Worries about the cost of a potential nursing home staffing mandate are mounting among provider organizations across the country as more try to pinpoint just how much of an investment they’ll need to meet new requirements.

In Pennsylvania, which has 681 nursing homes, it could cost providers more than $360 million more annually to staff at 4.1 hours per patient day, using calculations modeled on a 4.1-hour staffing rule adopted by Washington, DC, in 2012. 

That was the staggering assessment Jonathan Hansen, a principal in CliftonLarsonAllen’s Baltimore office, delivered to attendees at the LeadingAge Pennsylvania finance conference Tuesday.

Those estimates are driven largely by a need to hire and pay certified nurse aides, for which about 66% of state providers continue to use agency staffing at 1½ to 2 times the cost of employed nurse aides.

“You’re losing money, you’re losing people but there’s a staffing mandate coming down at the worst time,” Hansen said. “Costs are going up.”

Earlier this year, CliftonLarsonAllen conducted a study on behalf of the American Health Care Association and estimated providers would have to spend an additional $10 billion more per year nationally and hire more than 187,000 new workers to meet requirements of a 4.1 hour standard.

Those findings proved that nursing homes would need “substantial and consistent government resources” to comply with the regulations, AHCA leaders said at the time. While the Centers for Medicare & Medicaid Services has said it would promote federal funding as part of the staffing solution, it’s not clear if local legislatures will follow suit on state Medicaid rates.

Worrisome state examples

Earlier this year, a CLA report for the New York State Health Facilities Association showed nursing homes there would have to shell out an additional $325 million this year to meet merely that state’s new, 3.5-hour minimum, which went into effect in April.

But whether funding will come along with any proposed mandate or who would be expected to cover additional costs remains wholly unclear.

Pennsylvania just won its first Medicaid increase in nearly a decade, an investment made as the state moved forward with its own staffing standards. Starting in July, providers there will need to provide 2.87 hours per patient day, and that increases to 3.2 hours per patient day in 2024.

For the 30 facilities that fall below the 2.87 threshold right now, Hansen noted an added cost next year of $9.9 million, or about $330,000 per provider. More than a quarter of providers currently would miss the next threshold, requiring another $39.2 million in spending — if there is staff to be hired. 

That was a major concern of attendees, and a point Hansen said providers need to stress in their advocacy efforts.

He noted that regulators and health researchers often argue against agency use, linking it with lower quality. Quality improvement is the key argument for implementing a federal staffing minimum too. But Hansen asked whether quality would improve if the extra nurse hours were filled by agency workers who turned over frequently, a very real possibility with today’s tight labor pool. 

‘Only way’ to do it?

A federal minimum would override any existing state regulations, with the higher requirement going into effect for all Medicare- and Medicaid-participating facilities.  A CMS proposal is expected in March, and will be subject to a comment period the agency has said.
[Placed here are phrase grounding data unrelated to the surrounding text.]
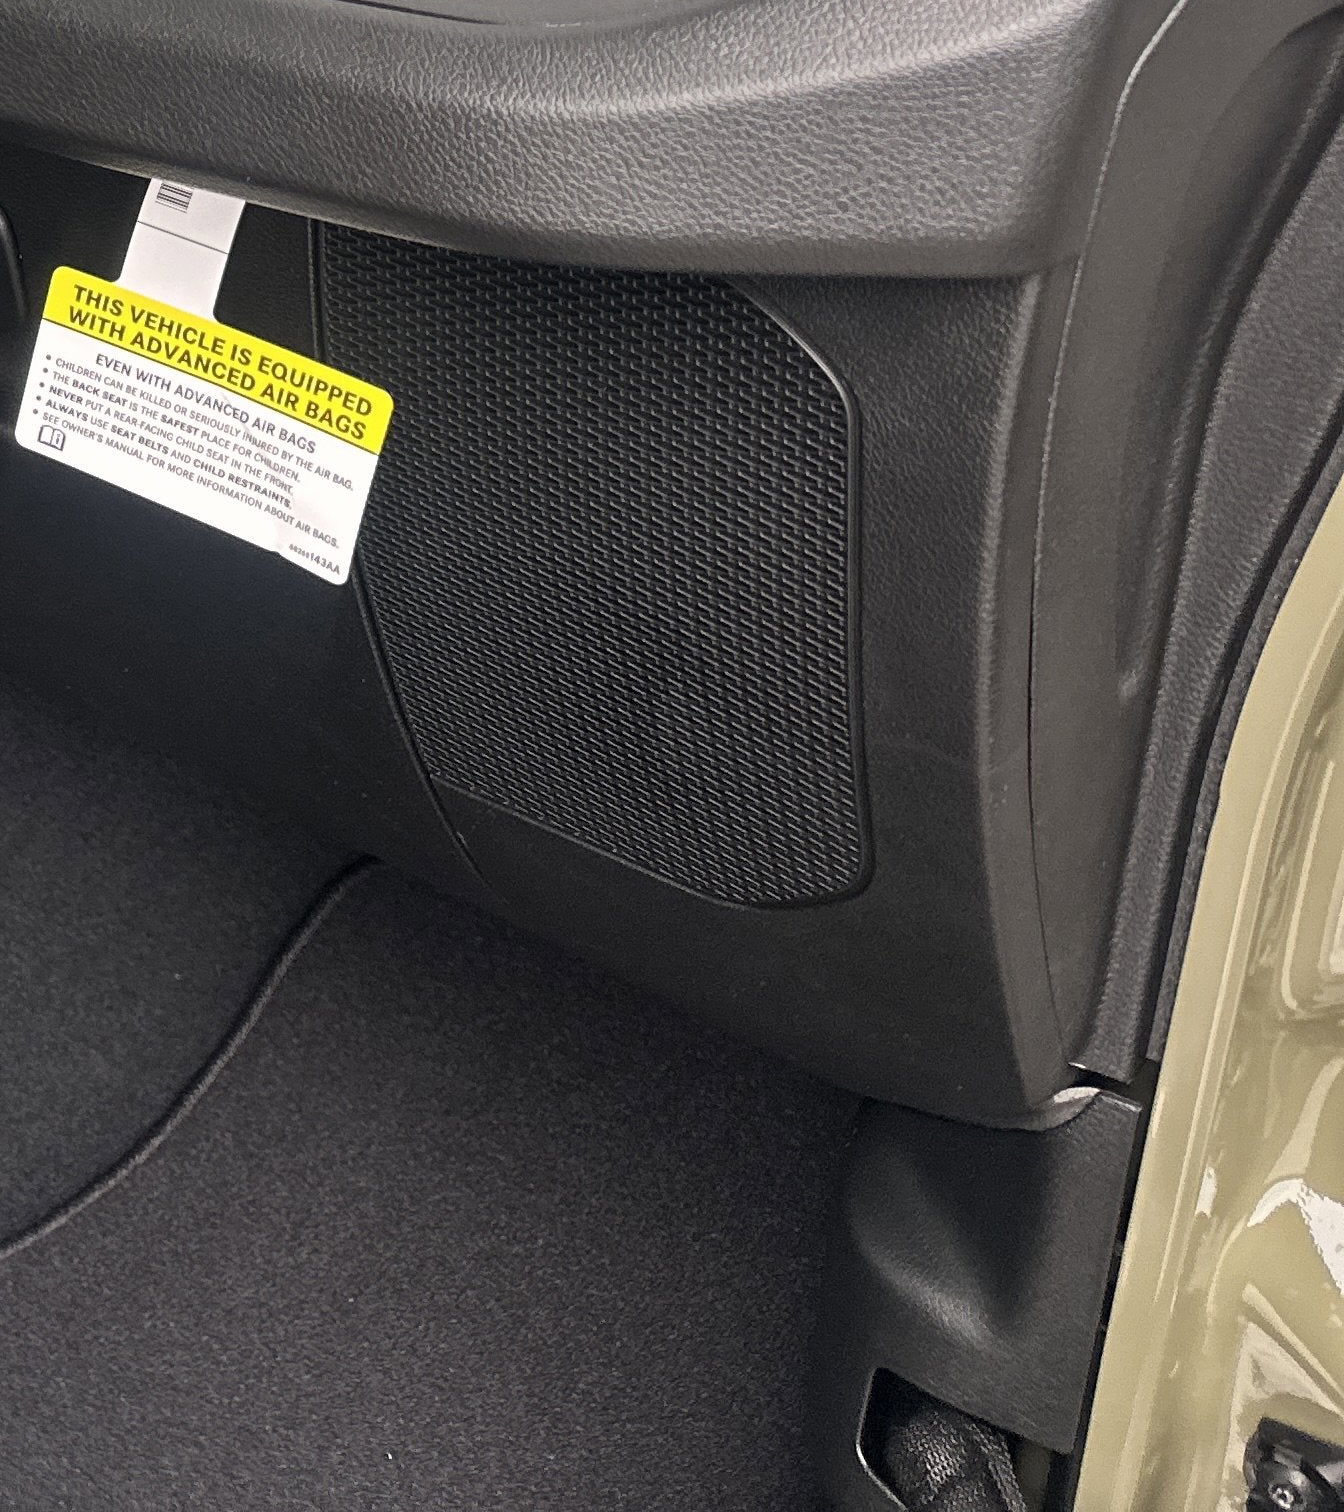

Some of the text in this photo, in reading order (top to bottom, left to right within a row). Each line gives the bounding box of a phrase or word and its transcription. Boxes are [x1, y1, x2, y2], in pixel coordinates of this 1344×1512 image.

[68, 305, 366, 441] WITH ADVANCED AIR BAGS
[73, 284, 372, 416] THIS VEHICLE IS EQUIPPED
[96, 353, 316, 454] EVEN WITH ADVANCED AIR BAGS
[42, 412, 339, 549] SEE OWNER'S MANUAL FOR MORE INFORMATION ABOUT AIR BAGS.
[45, 399, 293, 509] ALWAYS USE SEAT BELTS AND CHILD RESTRAINTS.
[49, 384, 83, 405] NEVER
[85, 398, 103, 413] PUT
[104, 407, 111, 417] A
[113, 410, 173, 442] REAR-FACING
[175, 435, 204, 454] CHILD
[205, 448, 230, 466] SEAT
[231, 458, 241, 470] IN
[245, 463, 262, 479] THE
[53, 371, 301, 483] THE BACK SEAT IS THE SAFEST PLACE FOR CHILDREN.
[55, 357, 353, 492] CHILDREN CAN BE KILLED OR SERIOUSLY INJURED BY THE AIR BAG.
Hansen suggested CMS should institute a mandate that either includes positions beyond nursing in hourly calculations or increase reimbursement to avoid sending a large share of providers out of business.

“That’s the only way to do it,” he said.

For now, providers all over the country are left wondering whether they’ll be able to get more funding from their states if the feds institute untenable staffing rules.
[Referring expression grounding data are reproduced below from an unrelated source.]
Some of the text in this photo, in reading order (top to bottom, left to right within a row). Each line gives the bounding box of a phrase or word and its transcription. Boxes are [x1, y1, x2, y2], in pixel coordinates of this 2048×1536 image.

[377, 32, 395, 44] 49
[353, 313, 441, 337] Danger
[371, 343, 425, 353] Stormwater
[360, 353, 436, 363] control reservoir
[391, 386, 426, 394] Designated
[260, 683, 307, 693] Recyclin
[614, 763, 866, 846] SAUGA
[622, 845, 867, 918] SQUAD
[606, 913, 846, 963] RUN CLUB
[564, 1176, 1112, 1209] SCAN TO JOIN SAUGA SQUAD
New Hampshire nursing home leaders haven’t conducted an analysis, but even with a 3.99 nursing hour average that far exceeds the current national average, there are concerns about producing more workers under a national staffing minimum mandate.

“We can’t conjure workers out of thin air,” Brendan Williams, president of the New Hampshire Health Care Association told McKnight’s Long-Term Care News Wednesday. “Lacking homegrown licensed staff, in a state with one of the four-lowest unemployment rates, we are maintaining staffing through an untenable reliance on staffing agencies.”

Even then, Williams said, some facilities are holding waitlists with more than 100 prospective residents because they don’t have enough workers to be fully open. 

“A federal staffing minimum would break us, as our legislators are New England’s most frugal,” he said.